§ Problem details
Go through the data below and repeat it exactly, skipping each picture.

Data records
★ ★ ★ ★ ★ ★ ★
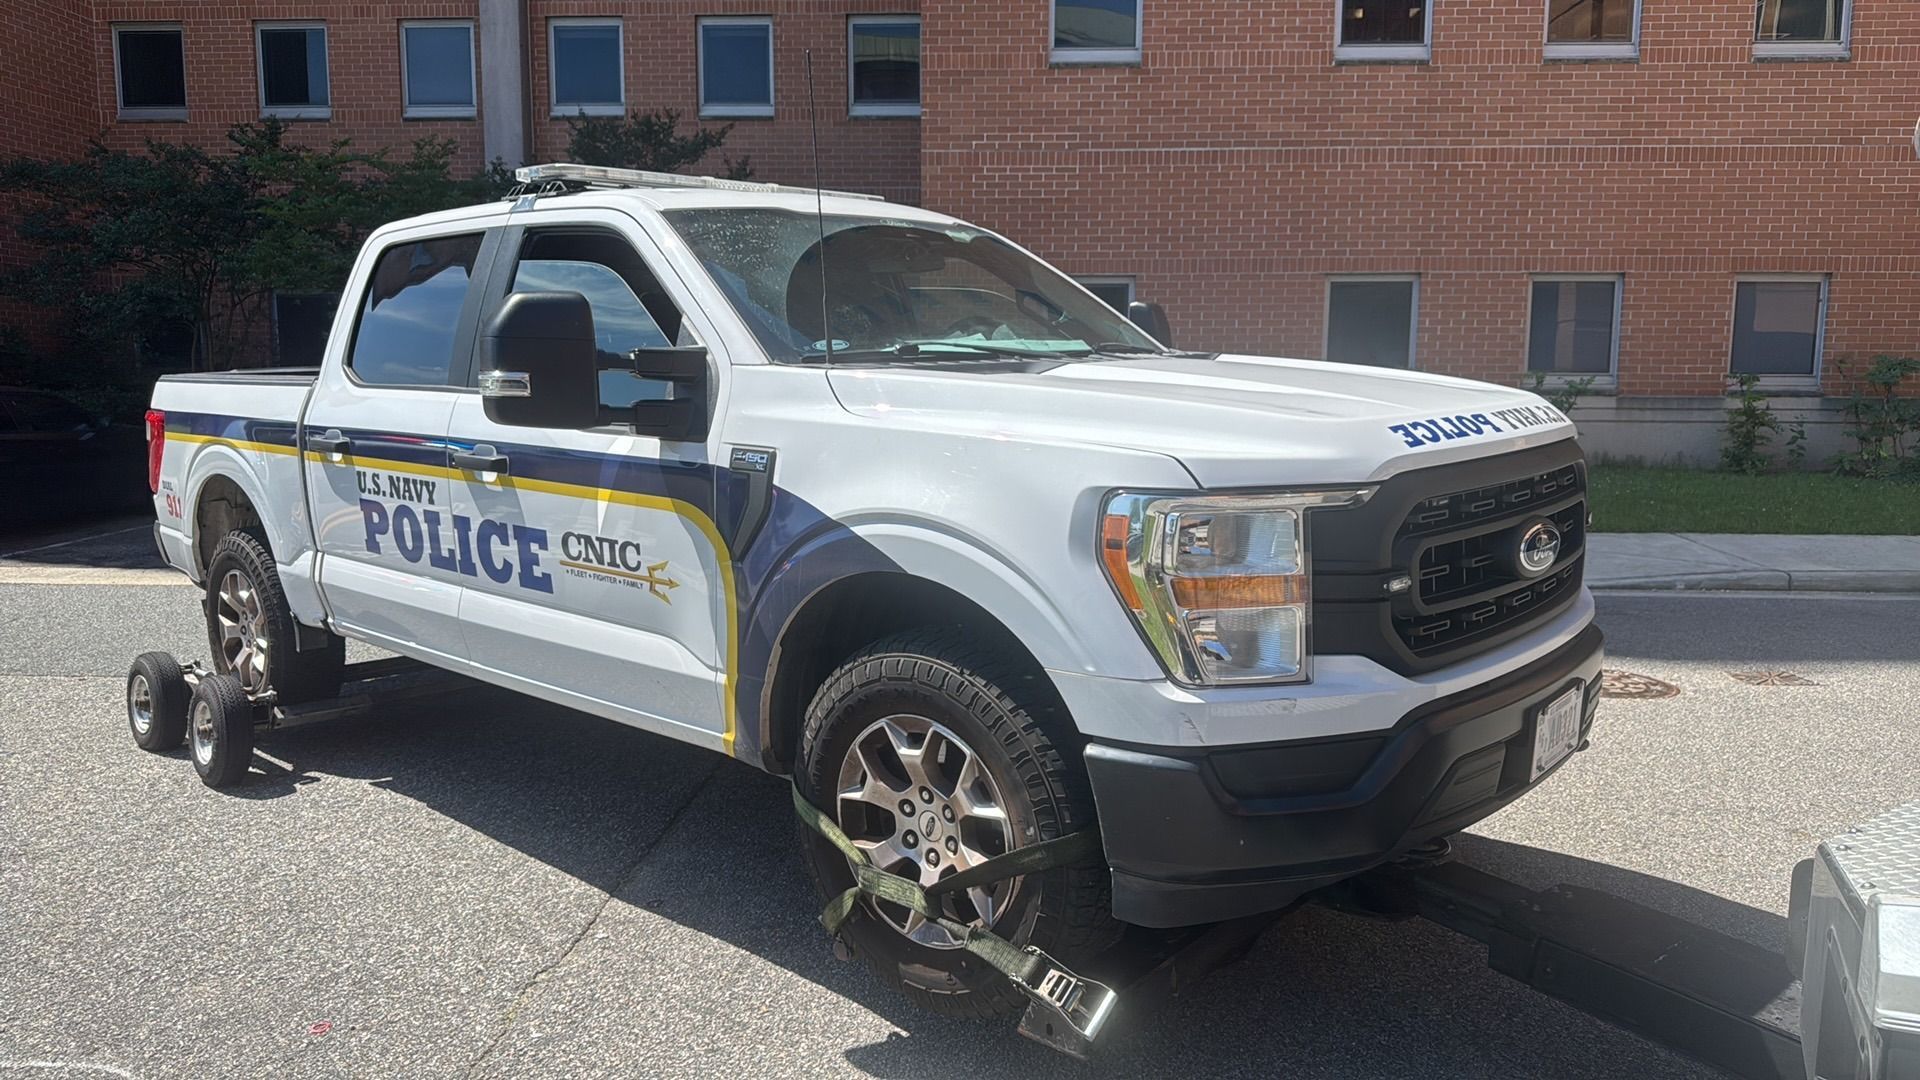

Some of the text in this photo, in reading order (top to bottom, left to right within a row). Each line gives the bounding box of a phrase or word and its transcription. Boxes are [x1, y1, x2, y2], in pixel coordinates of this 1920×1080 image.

[732, 450, 768, 463] F-150
[356, 470, 436, 505] U.S. NAVY
[166, 494, 182, 519] 911
[359, 497, 554, 594] POLICE
[561, 531, 642, 573] CNIC
[570, 569, 644, 590] FLEET FIGHTER FAMILY
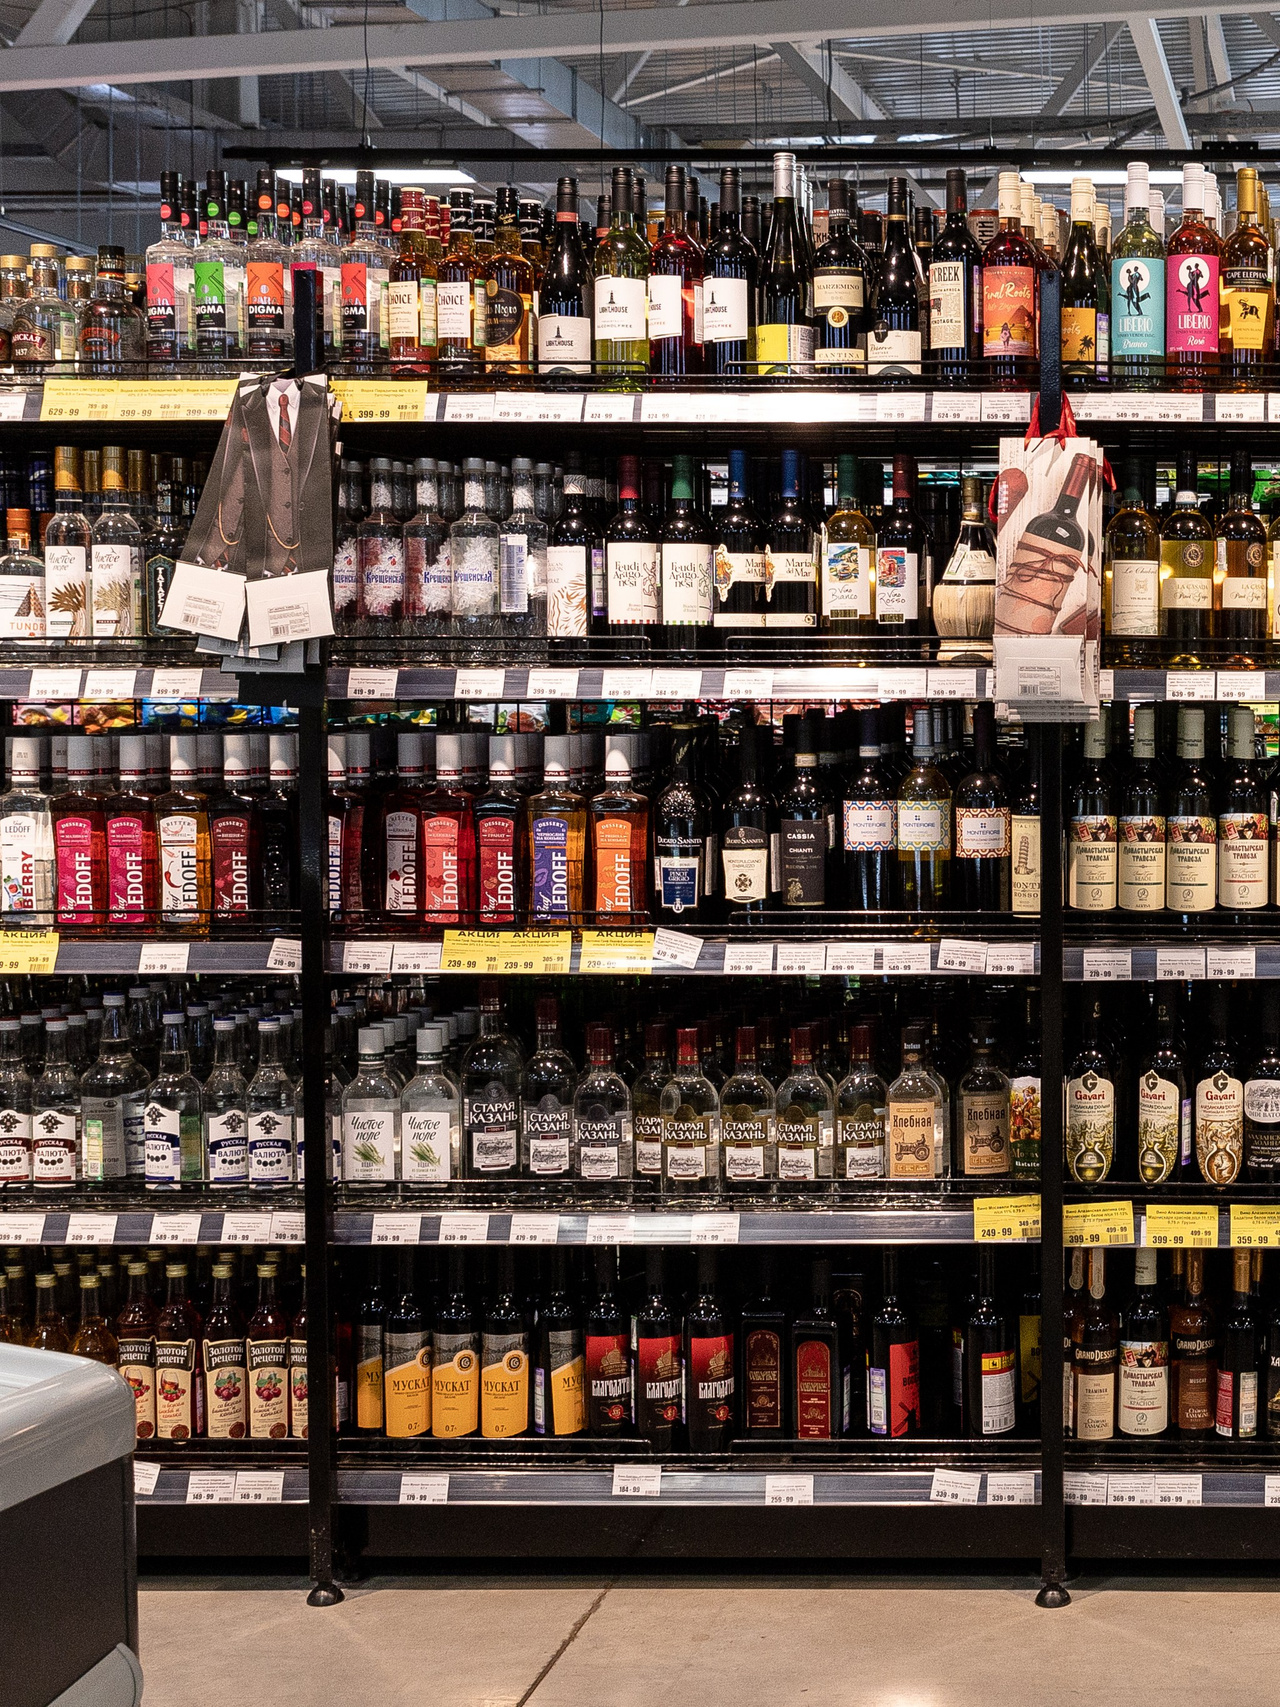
★ ★ ★ ★ ★ ★ ★
§ Output of the exercise
Some of the text in this photo, in reading order (top to bottom, left to right within a row). Each line gives the bounding box of a phrase or word and its transcription. Boxes are [x1, y1, x2, y2], in pixel coordinates of this 1920×1080 image.

[732, 450, 768, 463] F-150
[356, 470, 436, 505] U.S. NAVY
[166, 494, 182, 519] 911
[359, 497, 554, 594] POLICE
[561, 531, 642, 573] CNIC
[570, 569, 644, 590] FLEET FIGHTER FAMILY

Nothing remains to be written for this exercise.